Dr. Philip Stieg, Dr. Mark Souweidane, Dr. Jeffrey Greenfield, and the researchers of the Children’s Brain Tumor Project are delighted to welcome a new faculty member to our department and senior scientist to our world-class laboratory. Dr. Nadia Dahmane, PhD, who has spent her career studying the relationship between developmental biology and cancer, joins us from the University of Pennsylvania. Her work examines normal brain development, including the processes of cell differentiation and proliferation – which, when unchecked, can lead to pediatric tumor development. We believe that understanding how the central nervous system grows normally can help explain why that growth can sometimes go awry. Dr. Dahmane’s work and expertise will help us open up several new areas of investigation for the CBTP.

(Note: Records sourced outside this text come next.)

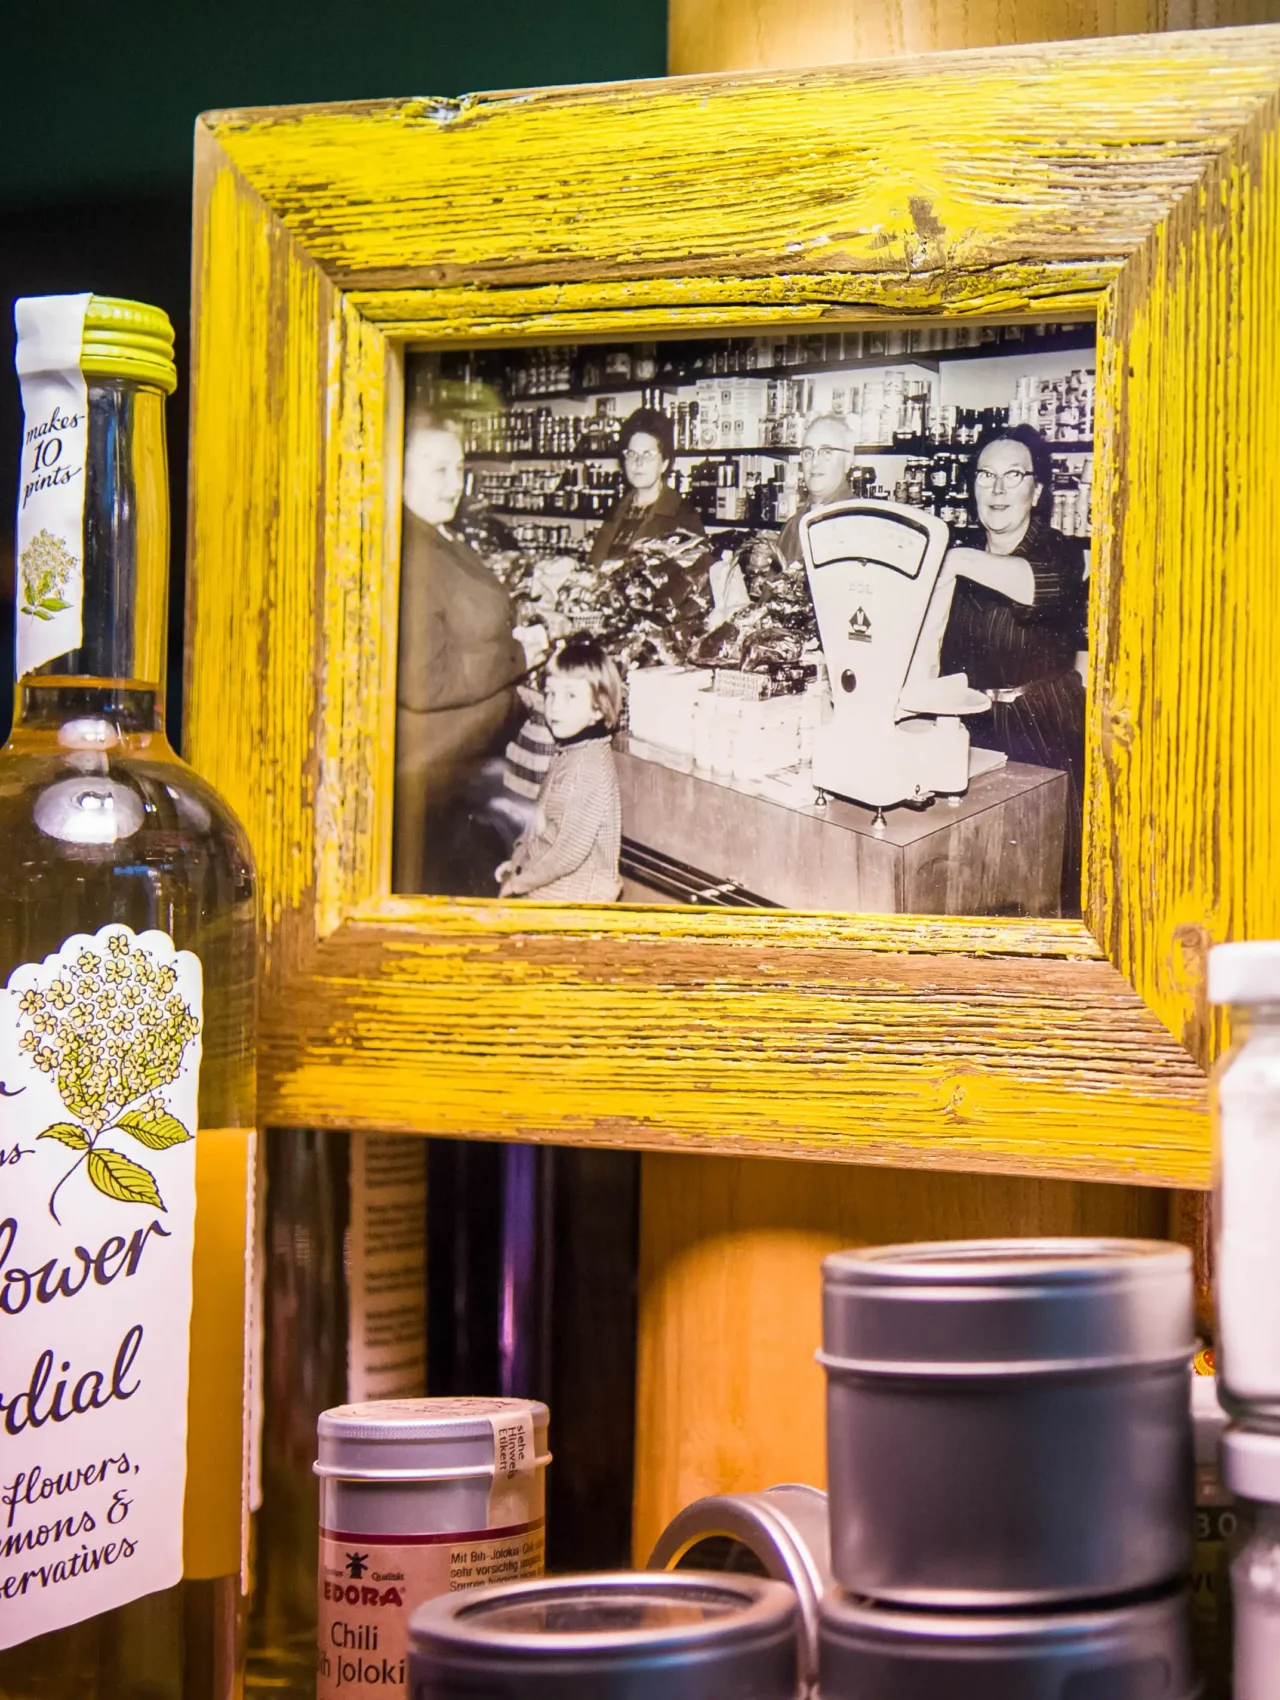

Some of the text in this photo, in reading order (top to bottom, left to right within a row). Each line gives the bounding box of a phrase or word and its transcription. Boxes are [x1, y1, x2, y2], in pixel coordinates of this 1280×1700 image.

[26, 407, 85, 445] makes
[31, 438, 62, 473] 10
[23, 466, 82, 509] pints
[499, 1429, 508, 1470] Etikett
[508, 1427, 518, 1480] Hinweis
[517, 1425, 526, 1460] siehe
[2, 1452, 140, 1528] flowers,
[107, 1489, 134, 1524] &
[450, 1568, 472, 1578] sehr
[476, 1561, 518, 1576] vorsichtig
[451, 1552, 467, 1564] Mit
[324, 1581, 402, 1607] EDORA
[331, 1622, 378, 1650] Chili

Following her work on the “hedgehog” gene and its role in the normally developing brain as well as in the development of medulloblastoma — a pediatric tumor arising in the developing cerebellum — Dr. Dahmane’s current research focuses a group of proteins called transcription factors that regulate how different genes are expressed during both brain development and brain cancer progression. Her laboratory has identified a critical novel transcription factor protein (called RP58) that is indispensable for brain development; its deletion in a mouse model leads to microcephaly, a birth defect affecting the size of the brain. New work from her group investigates how this protein may also be involved in brain tumor development.
Dr. Dahmane holds a B.S. in Biology and an M.S. in Biochemistry/Cell Biology from the University of Rouen, France, and a Ph.D. in Biology of Aging from the University of Paris, France. Her recruitment signals a new era for the Children's Brain Tumor Project, in which a team of world-class scientists and surgeons are working together to defeat pediatric brain tumors.